Tuesday, May 20, 2014

The Image of God

Scripture says all human beings are made in the image of God (Genesis 1:26,27; 9:6; James 3:9,10). There are various implications to this. It would indicate that a human being is a human being, and it is wrong to kill them, even the unborn (Psalms 139:13-16; 51:5; Jeremiah 1:5). But it goes deeper than that; even verbally assaulting another is wrong because of this. It also means it is wrong to look down on people of other races and ethnic groups (Colossians 3:11; Acts 17:26-28; 8:25-40). Also, it requires we treat all people with equity, including the poor and downtrodden (James 2:1-9; Exodus 23:6; Proverbs 14:31). The image of God is the only solid basis for unity without requiring uniformity. One of the immediate impressions of people is that they are all different. But the image of God indicates there is an underlying basis for this kind of equality. Other approaches often cannot find a basis for equality without exaggerating the degree of uniformity between people.

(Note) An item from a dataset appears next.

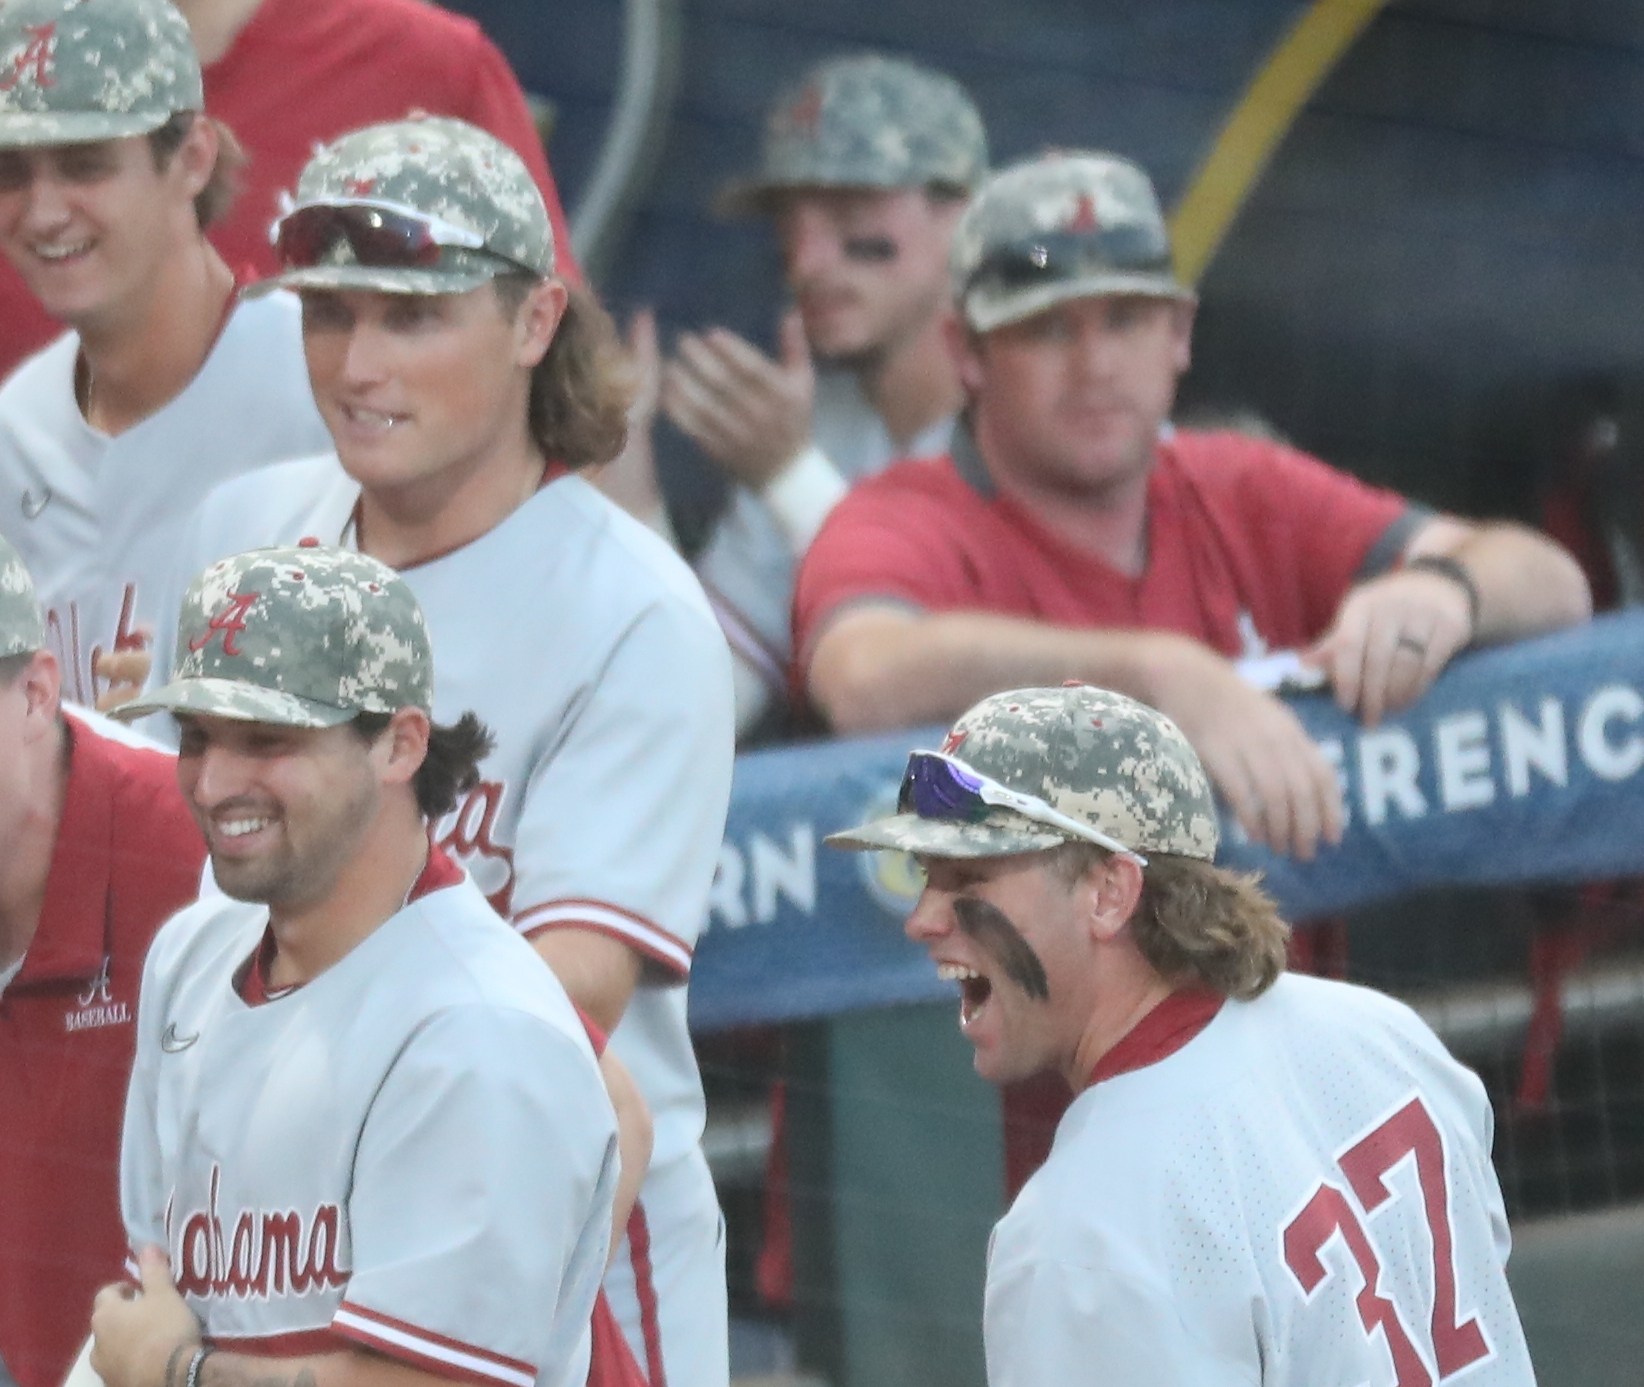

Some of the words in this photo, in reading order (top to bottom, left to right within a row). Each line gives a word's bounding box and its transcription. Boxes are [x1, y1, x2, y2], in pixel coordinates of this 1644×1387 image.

But the problem is that a large part of our society does not hold to this position. They hold that human beings are just some accident the universe produced by chance. And under this definition, it is dubious that they have any value at all. Certainly there is no value in simply being a human being; we are just another animal. Therefore, we are seen as having value for being an "individual." There does not seem to be a clear, objective definition of what this is. It is highly subjective. Is a fetus an individual? A two-year old? Someone born with a physical or mental handicap? An old person with Alzheimer's? And who gets to determine this?  Society? But society is merely an artificial construct, and if there is nothing higher than society to inform it, what basis does it have to judge who has value? Further, if value is something I acquire, then it becomes something I earn. And this puts me in the position of having to pull myself up by my bootstraps. If I become an individual based on what I do, how can I ever do enough? Where the Christian says, God made me in His image and loved me enough to die for me, not because I deserved it but because He had made me.

But this is a difficult issue, and complicated to discuss. And  we are not going to win people over by sloganeering and soundbites. We need to wrestle with the tough issues and encourage others to do so. This may involve challenging our culture's current secular tendencies. Asking how we can claim all men are created equal if there is no Creator. But I am convinced that this is the only way to uphold genuine equality. However, this involves persuading people of the principles involved, not just passing a few laws.